Restrict Cursor Movement To Unprotected Cells
Q. The formulas in my worksheet use values in several input cells. I've unlocked the input cells and protected the sheet so the user can't change the formulas. Can I set things up so the cell cursor moves only to the input cells?
Yes. You've already unlocked your input cells and ensured that all other cells are locked. By default all cells are locked, but you can change that by using the Protection tab of the Format Cells dialog box. Select the cells to be changed and choose Format, Cells. In this case, the input cells are unlocked and all other cells are locked.
Protect the worksheet in Excel 97 by using Worksheet, Protect or Tools, Protection, Protect Sheet (you can specify a password to keep others from "unprotecting" the sheet).
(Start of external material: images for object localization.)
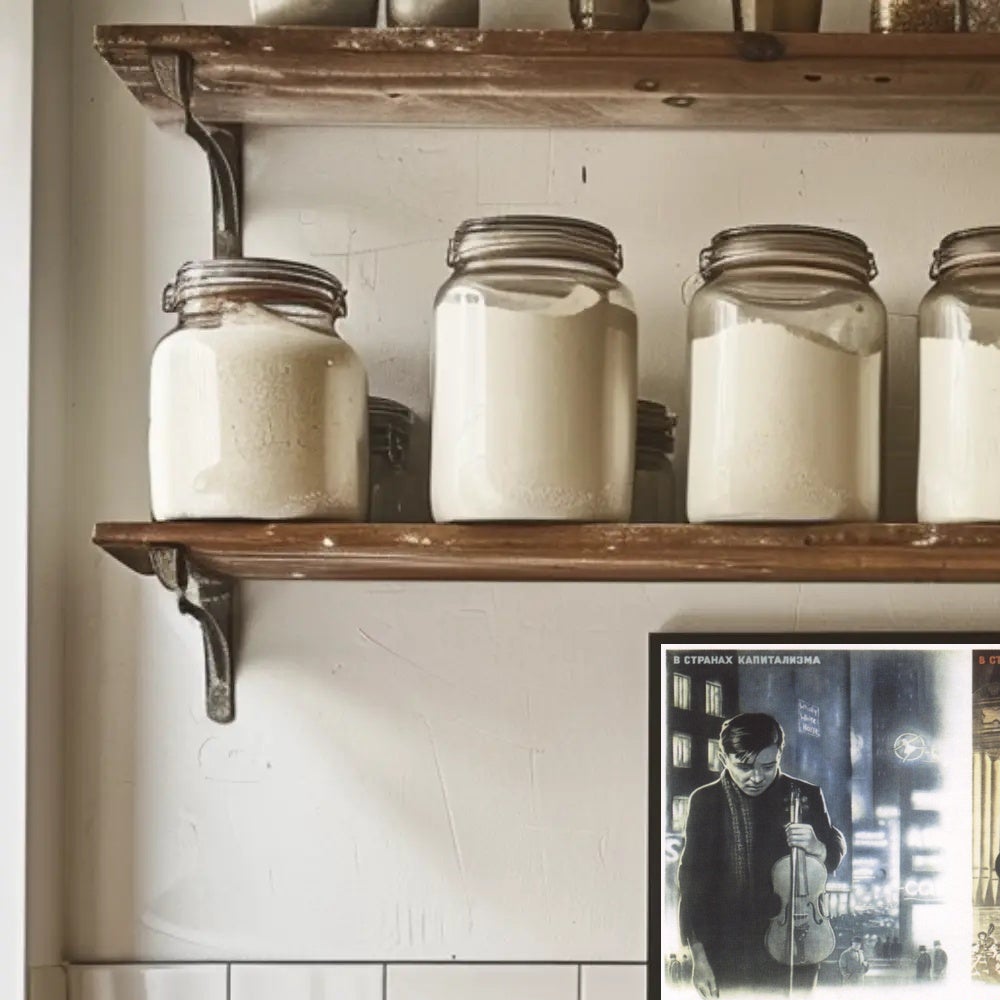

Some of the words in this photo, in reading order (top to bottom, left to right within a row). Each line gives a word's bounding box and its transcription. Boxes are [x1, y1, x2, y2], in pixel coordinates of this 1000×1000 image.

[673, 655, 681, 665] В
[683, 655, 733, 665] СТРАНАХ
[737, 655, 821, 665] КАПИТАЛИЗМА
[978, 655, 986, 665] В
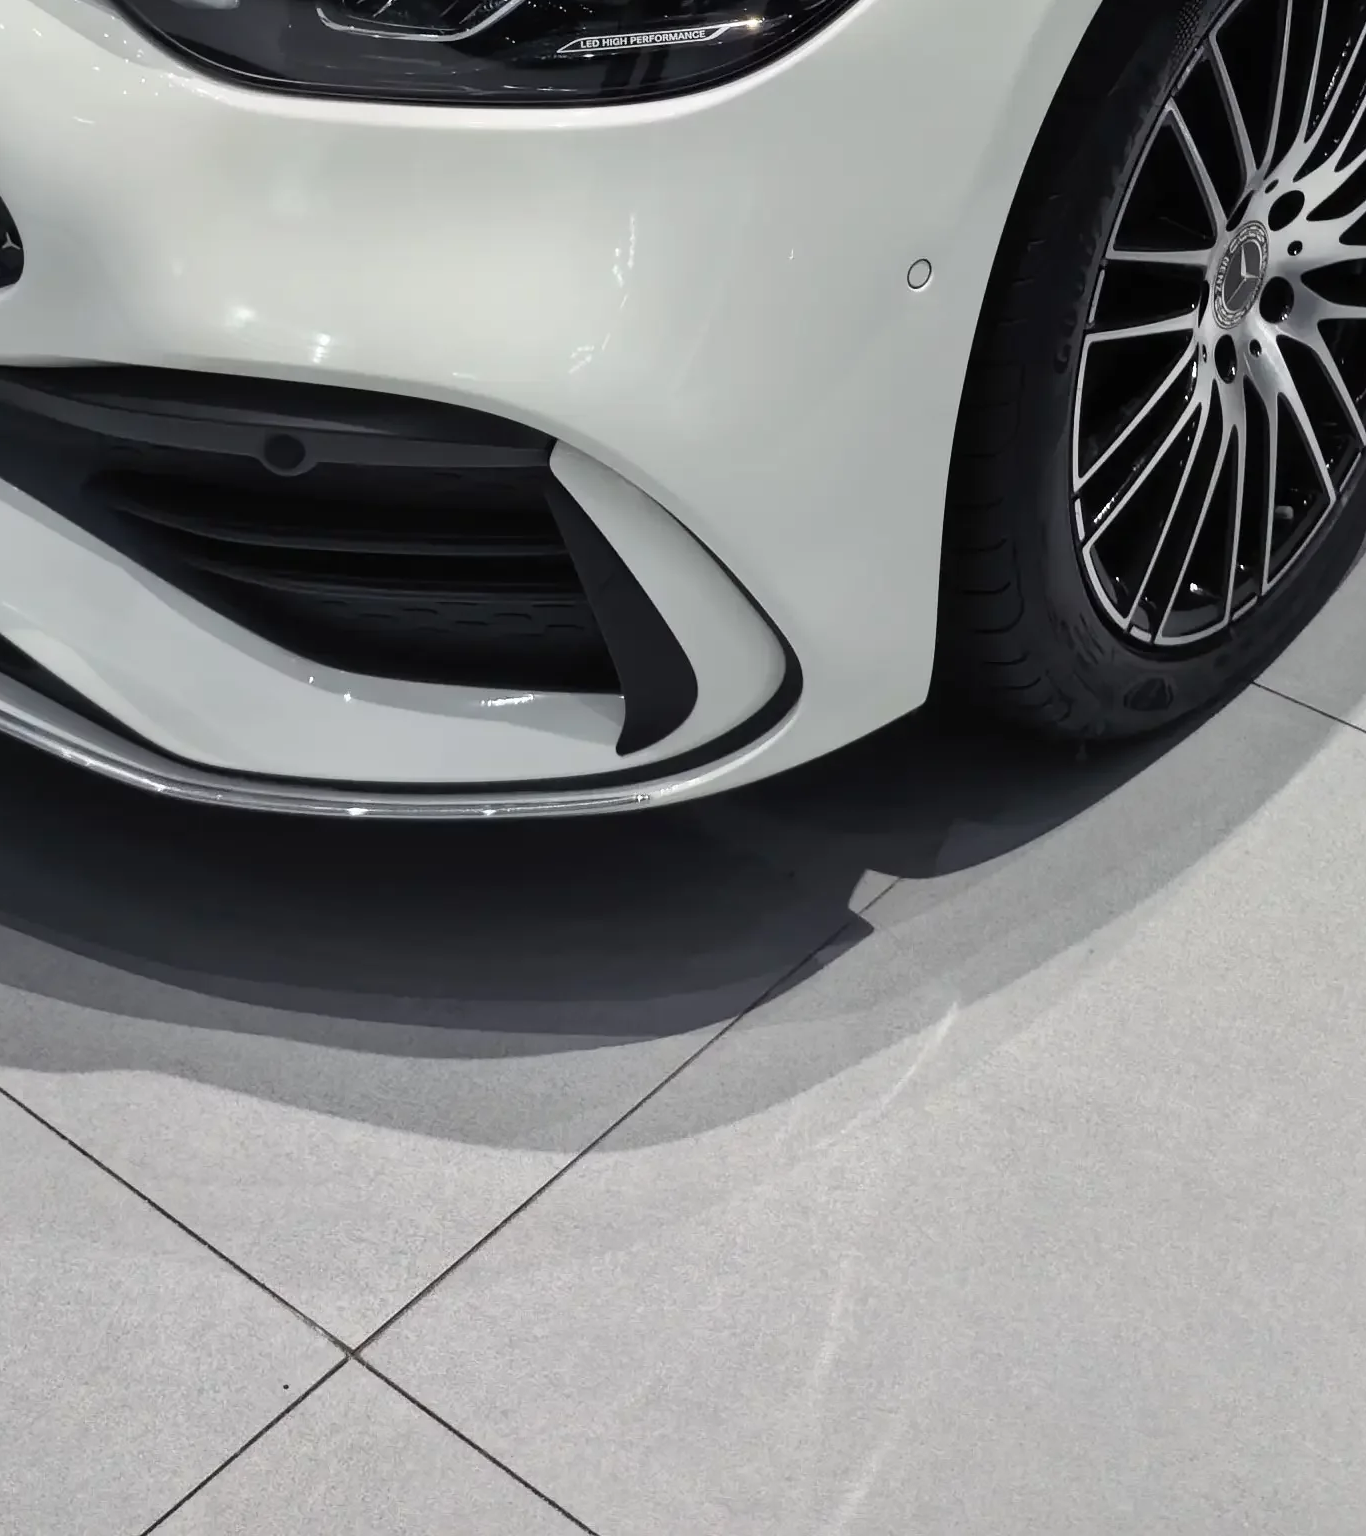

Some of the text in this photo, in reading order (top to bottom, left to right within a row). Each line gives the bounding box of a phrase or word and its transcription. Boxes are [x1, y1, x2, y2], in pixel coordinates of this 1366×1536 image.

[580, 31, 706, 49] LED HIGH PERFORMANCE
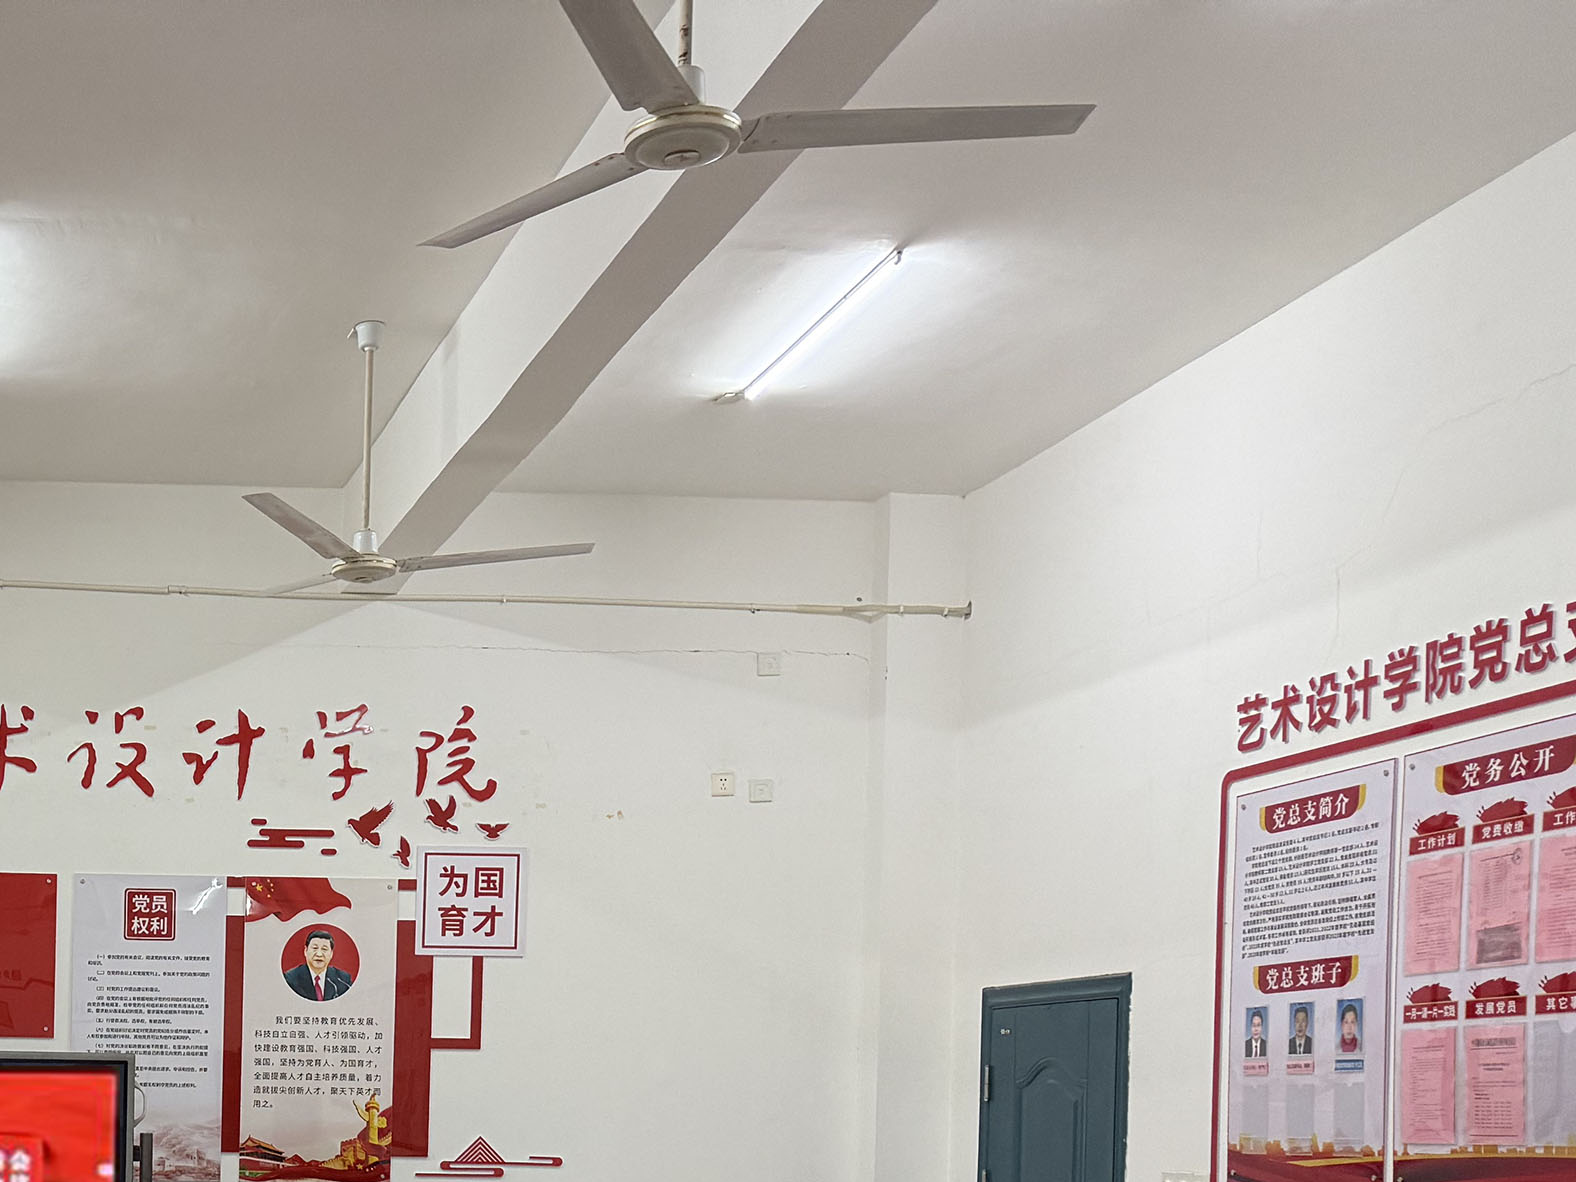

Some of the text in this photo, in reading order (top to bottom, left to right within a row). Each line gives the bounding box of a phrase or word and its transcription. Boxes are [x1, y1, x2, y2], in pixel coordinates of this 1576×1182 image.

[1236, 600, 1576, 753] 艺术设计学院党总
[1461, 745, 1555, 790] 党务公开
[1272, 793, 1350, 830] 党总支简介
[1417, 832, 1457, 850] 工作计划
[1266, 962, 1342, 990] 党总支班子
[1475, 1000, 1517, 1016] 发展党员
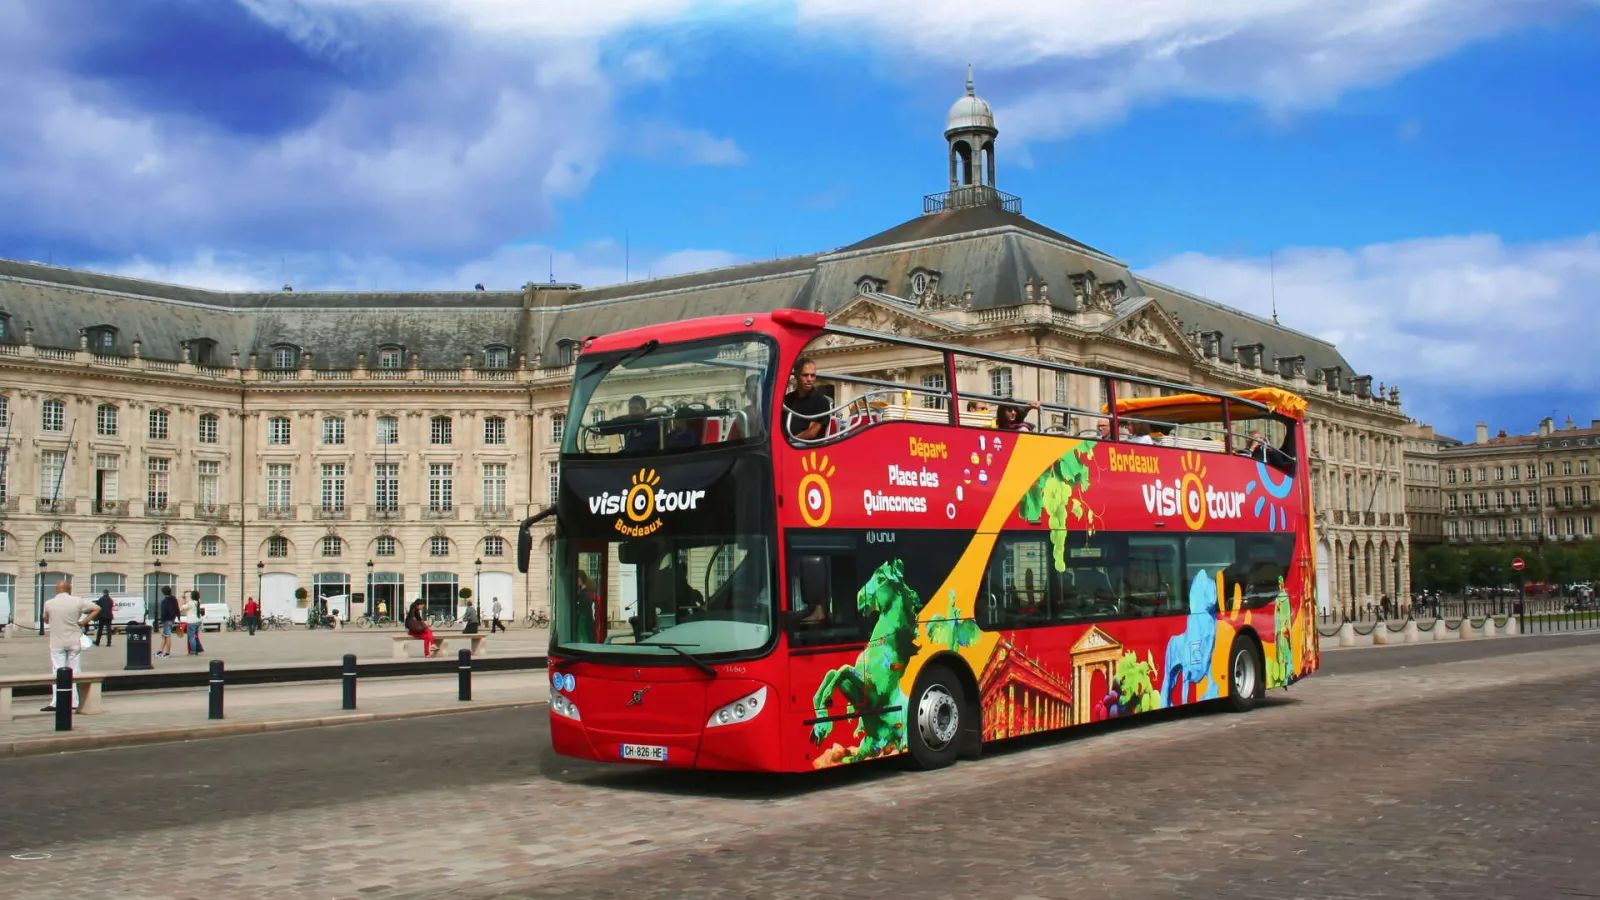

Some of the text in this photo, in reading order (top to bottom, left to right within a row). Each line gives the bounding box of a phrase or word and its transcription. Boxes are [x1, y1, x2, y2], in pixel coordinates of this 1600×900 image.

[909, 436, 948, 463] Départ
[1108, 447, 1160, 474] Bordeaux
[888, 464, 939, 487] Place des
[863, 489, 927, 516] Quinconces
[614, 518, 664, 537] Bordeaux
Once the sheet is protected, press Tab to move the cell pointer to the next unlocked cell.
This does not prevent the user from selecting unlocked cells using the cursor keys. To make those cells unselectable, change the worksheet's EnableSelection property. Select View, Toolbars, Control Toolbox to display the Control Toolbox toolbar. Click the Properties button to display the Properties box for the worksheet, then click the cell labeled "xlNoRestrictions" and use the drop-down list to change the EnableSelection property to xlUnlockedCells. Close the Properties box. As long as the worksheet is protected, users cannot select the locked cells on the worksheet.
This procedure does not save the EnableSelection property setting with the workbook. To create a simple macro that turns this setting on when the workbook is opened, press Alt-F11 to activate the Visual Basic Editor. Locate your workbook name in the Project window, and double-click it to expand its listing. Then double-click the item labeled ThisWorkbook and enter the following VBA code:
Private Sub Workbook_Open() Worksheets("Sheet1").EnableSelection = xlUnlockedCells End Sub
This macro executes whenever the workbook is opened, and sets the EnableSelection property of Sheet1 to xlUnlockedCells. The technique can be circumvented by changing the EnableSelection property to its default value (xlNoRestrictions). Few users know about this dodge, however.
Excel has a long history, and it continues to evolve and change. Consequently, the tips provided here do not necessarily apply to all versions of Excel.
In particular, the user interface for Excel 2007 (and later), is vastly different from its predecessors. Therefore, the menu commands listed in older tips, will not correspond to the Excel 2007 (and later) user interface.